21 gen 2015

La solitudine dei numeri uno

I film hollywoodiani sui grandi scienziati sono - necessariamente - delle forzature, tanto alla carriera quanto alla vita dei personaggi rappresentati.
A Beautiful Mind ne era già stata una dimostrazione, e The Imitation Game ha confermato la regola.

Può essere considerato un uso sapiente dello stereotipo: il quale non è necessariamente un male. Gli stereotipi assolvono, infatti, anche una funzione positiva, rappresentando un’utile sintesi di
conoscenze condivise: il buon selvaggio e il cattivo selvaggio sono, del resto, entrambi stereotipi.
Pensandoci bene, non c’è niente di intrinsecamente sbagliato nel generalizzare: la scienza stessa è costruita su astrazioni dal particolare al generale. 

La rappresentazione dello scienziato come genio solitario è, però, un'esagerazione che rischia - proprio tramite il grande schermo - di compromettere la comprensione pubblica dei meccanismi della scienza. E, di conseguenza, di attribuire alla ricerca un ruolo politico ben più banale di quello che dovrebbe effettivamente ricoprire (vedi il caso Stamina, o la vicenda del terremoto in Abruzzo).

Un esempio paradigmatico di tutto ciò è Isaac Newton. Aveva una passione pura e disinteressata per la comprensione del mondo, ma non lavorava affatto per il bene dell'umanità. Durante la sua vita ebbe molta fama e riconoscenza, ma nessuno con cui condividere le sue gioie. Convincerlo a socializzare sarebbe probabilmente stato più difficile di obbligare un gatto a fare il bagno.

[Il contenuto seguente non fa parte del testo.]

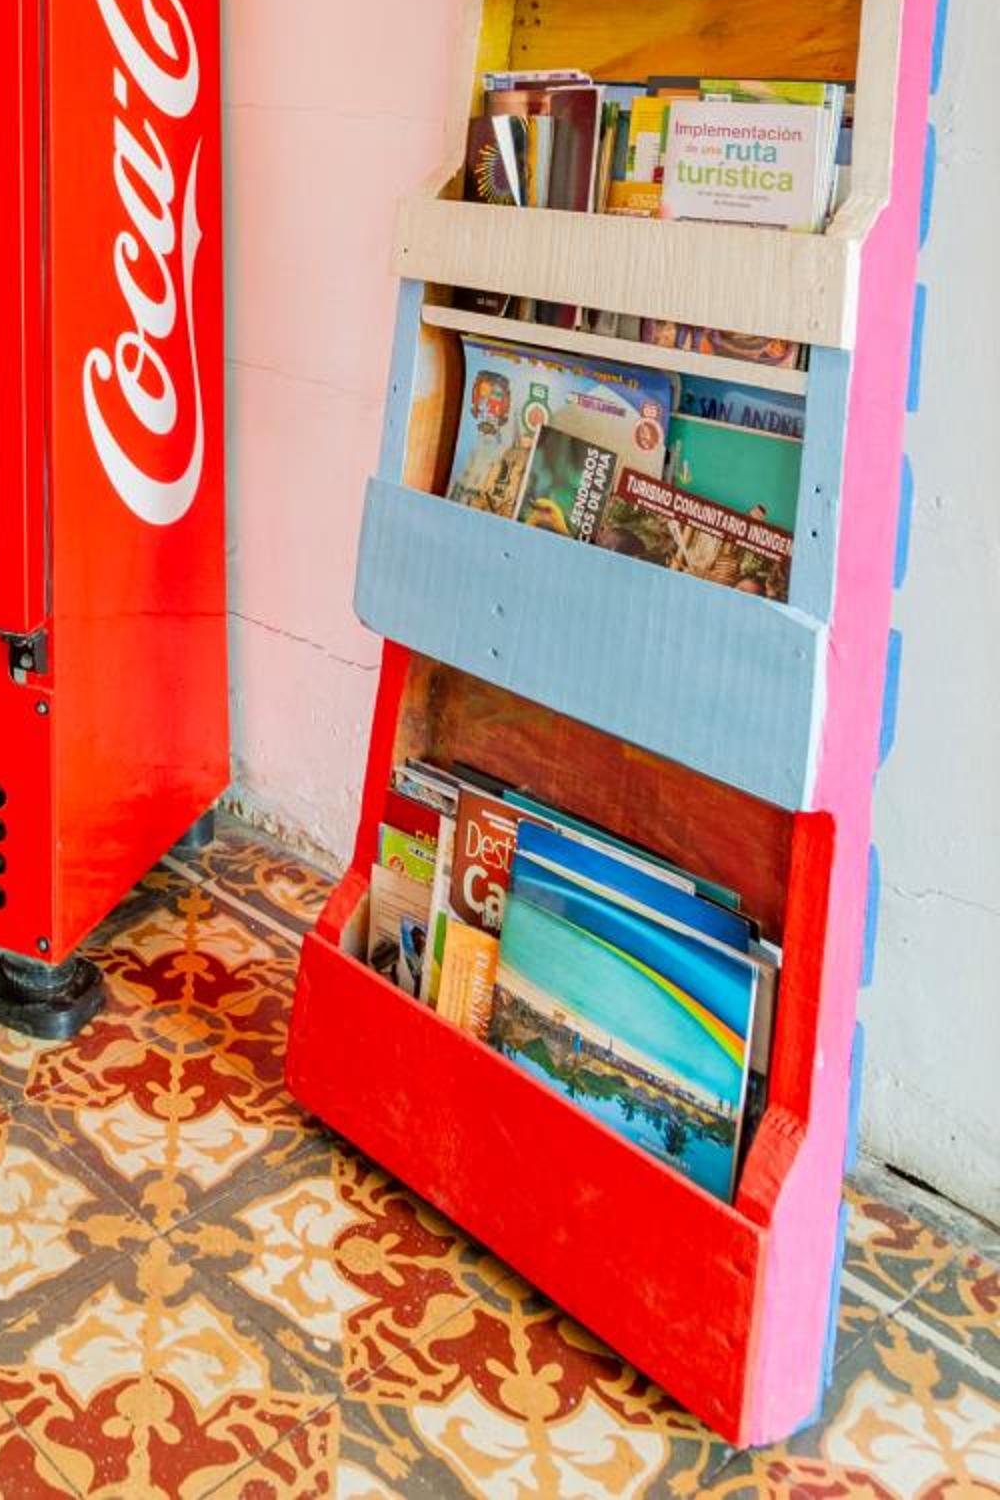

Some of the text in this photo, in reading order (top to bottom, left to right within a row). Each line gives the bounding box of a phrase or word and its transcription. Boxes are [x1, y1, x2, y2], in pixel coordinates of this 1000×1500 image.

[725, 141, 777, 163] ruta
[677, 160, 793, 192] turística
[570, 447, 599, 527] SENDEROS
[587, 490, 602, 512] DE
[627, 475, 673, 507] TURISMO
[673, 494, 748, 538] COMUNITARIO
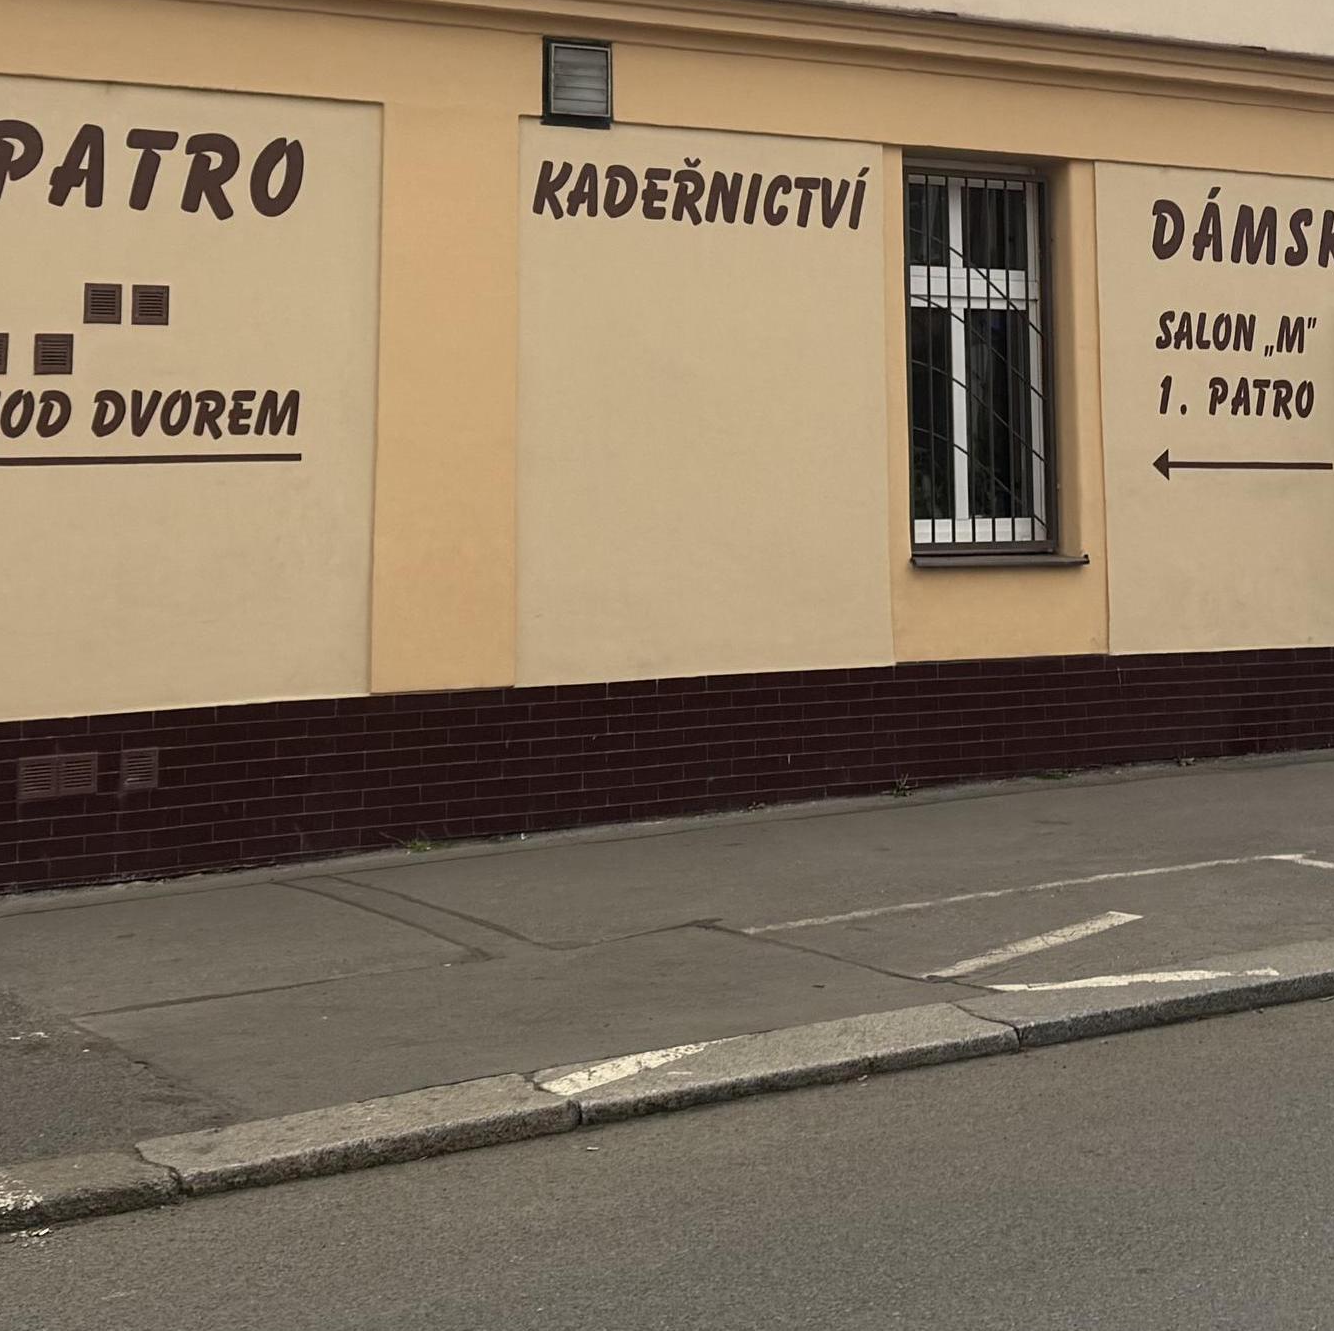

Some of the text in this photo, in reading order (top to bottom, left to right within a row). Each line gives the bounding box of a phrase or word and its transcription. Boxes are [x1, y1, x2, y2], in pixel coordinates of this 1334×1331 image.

[532, 157, 870, 230] KADEŘNICTVÍ
[1155, 311, 1256, 352] SALON
[91, 389, 301, 440] DVOREM
[1159, 375, 1315, 421] 1. PATRO

Nato il 25 dicembre 1642 (come un regalo di Natale imprevisto), lo scienziato inglese era odiato dai compagni di scuola e persino dalla servitù familiare. Ma, una volta da solo, dava il meglio di sé: scettico su tutta la produzione di Aristotele, che all'epoca rappresentava il cuore del curriculum universitario, iniziò il suo lungo viaggio verso un nuovo modo di pensare nel 1664. Leggeva Keplero, Galileo e Descartes.